Lors de sa sortie, ou du moins quelques jours plus tard, je suis allé voir Fast & Furious 4, dernier titre de la franchise. Oui, ils ont prévu une fin pour en faire un 5e. La version en anglais étant un must, je me suis dépêché d'y aller avant que les cinémas ne nous laissent que la traduction (toujours mauvaise).
Dans ce film, on semble encore vouloir tenter de nous faire croire que Vin Diesel est un acteur. Au même titre que certains films nous présentent des femmes dans le seul but de nous les montrer (et souvent les dévêtir), il ne faut pas oublier que ce mec est un tas de muscles, pas un acteur.
Quand on comprend tout ça, le film passe mieux. Malheureusement, je déplore le manque de courses de rue qui ont fait la renommée de Fast & Furious. Pas assez de bolides, pas assez de modifications. Ce 4e titre vient refaire la paix avec les origines de la série, parce que le 2 et le 3 avaient fait un beau boulot de merde.
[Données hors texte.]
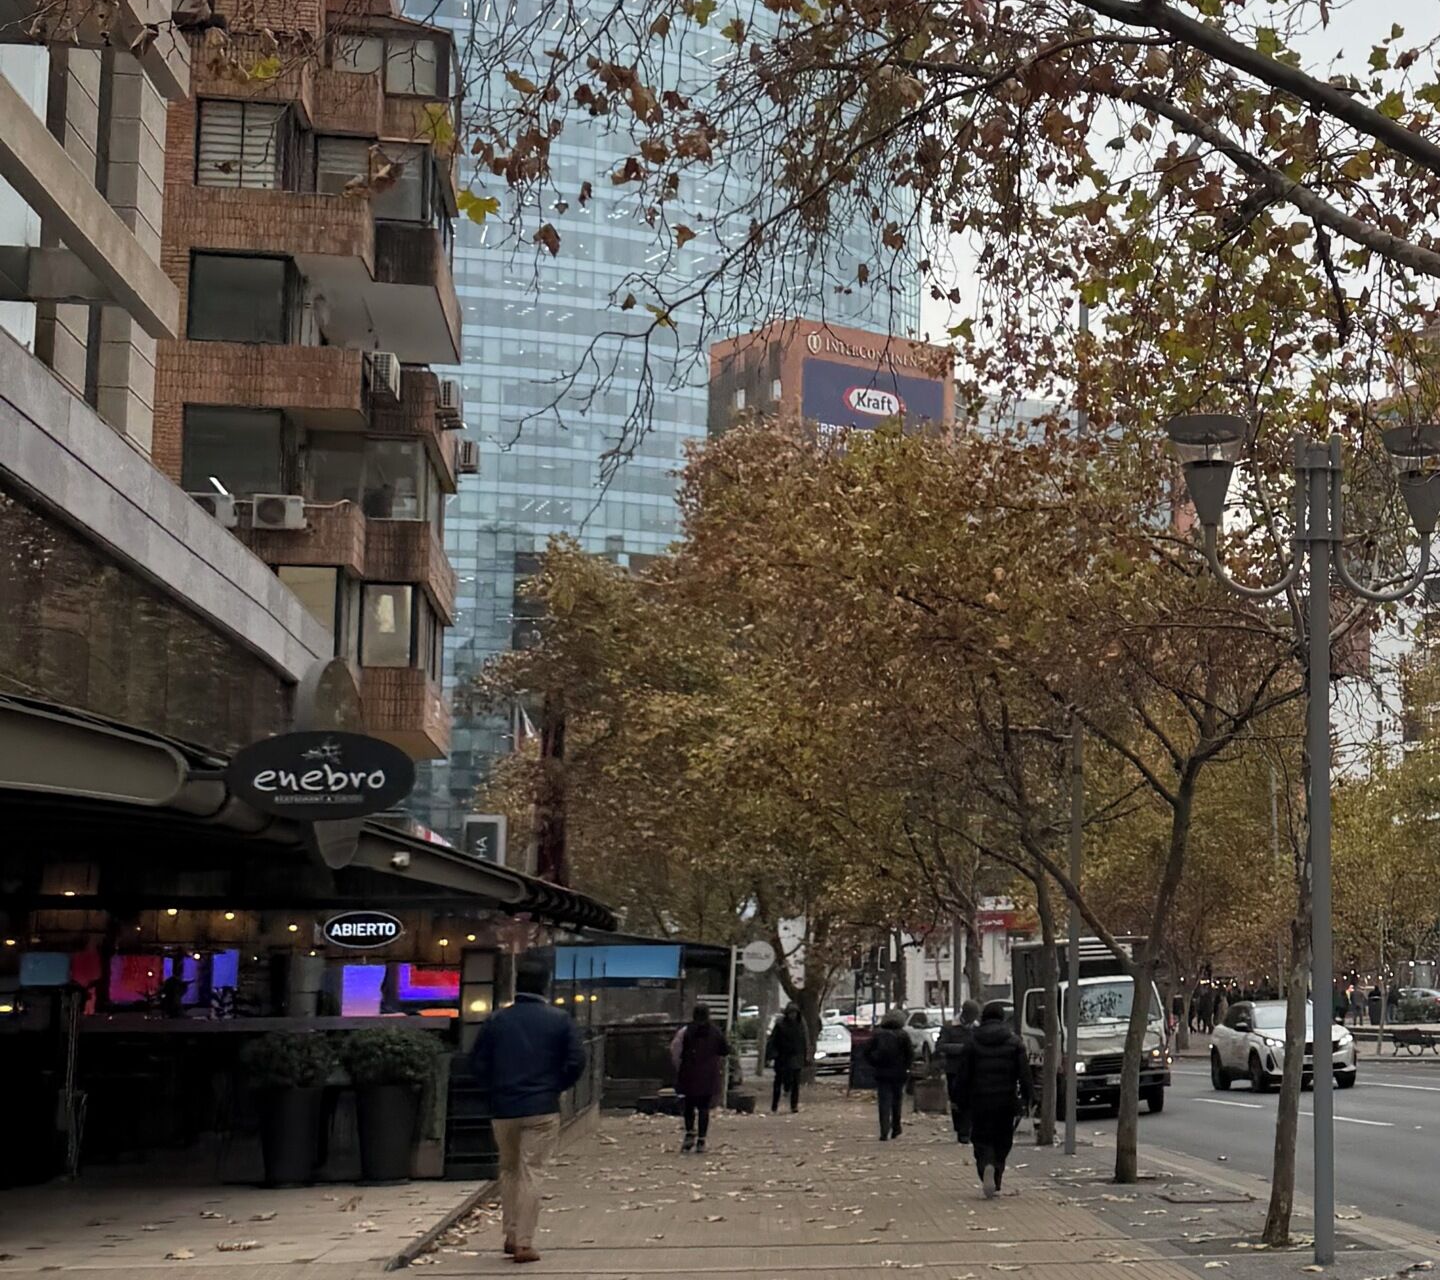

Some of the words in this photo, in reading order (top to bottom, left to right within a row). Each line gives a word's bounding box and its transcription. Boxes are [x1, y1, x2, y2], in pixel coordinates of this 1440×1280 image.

Aussi, les voitures et les courses manquaient de nitro. Ça ressemblait parfois à un derby de démolition plutôt qu'à un festival de voitures surpuissantes et suréquipées. Ce que Fast & Furious était à l'origine!
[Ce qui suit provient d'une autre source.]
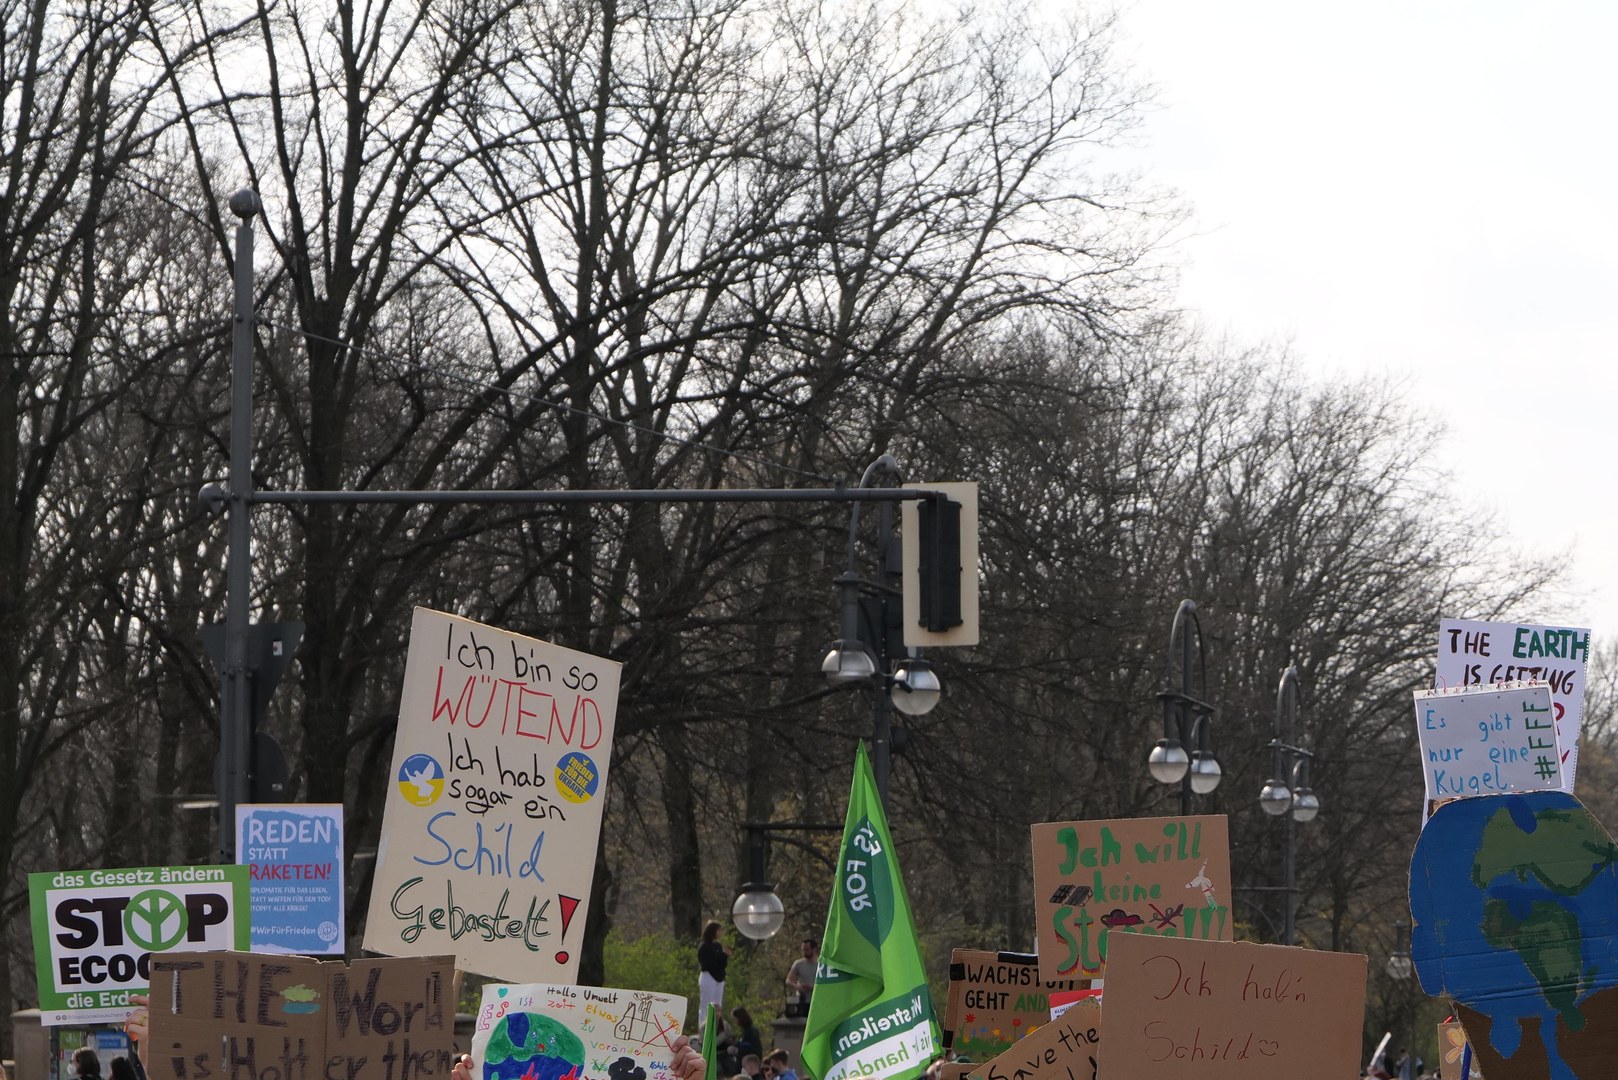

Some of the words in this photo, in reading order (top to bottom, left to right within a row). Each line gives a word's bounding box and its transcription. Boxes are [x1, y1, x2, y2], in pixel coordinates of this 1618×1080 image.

[447, 623, 494, 670] Ich
[511, 640, 551, 683] bin
[562, 665, 599, 692] so
[1448, 629, 1490, 657] THE
[1512, 627, 1589, 663] EARTH
[432, 666, 602, 750] WÜTEND
[1426, 710, 1446, 730] Es
[1478, 712, 1513, 742] gibt
[1523, 701, 1557, 780] #FFF
[447, 732, 484, 776] Ich
[495, 745, 546, 787] hab
[1428, 747, 1464, 762] nur
[1488, 741, 1529, 763] eine
[1433, 764, 1508, 795] Kugel
[524, 795, 566, 821] ein
[248, 819, 331, 845] REDEN
[413, 811, 545, 883] Schild
[1134, 821, 1201, 863] will
[248, 848, 288, 860] STATT
[52, 871, 84, 888] das
[90, 869, 154, 885] Gesetz
[160, 867, 225, 883] ändern
[249, 863, 332, 880] RAKETEN!
[1093, 870, 1162, 904] keine
[55, 889, 229, 950] STOP
[66, 994, 94, 1008] die
[153, 960, 291, 1028] THE
[547, 986, 577, 999] Hallo
[584, 990, 619, 1004] Umwelt
[965, 990, 1010, 1011] GEHT
[1058, 1024, 1100, 1053] the
[1144, 1021, 1254, 1062] Schild
[171, 1042, 212, 1080] is
Malgré tout le mal que je semble en dire, j'ai bien aimé. Ça faisait du bien de les voir revenir dans la bonne direction. Comme tout le monde n'est pas mort, il est possible d'en faire un autre. Surtout avec la finale qui laisse une porte grande ouverte, de la largeur d'un hangar de Boeing 777. Mettez vos cerveaux à OFF, pensez voitures comme les muscle-car américaines, savourez ces quelques minutes d'essence super sans plomb avec additifs super-octane!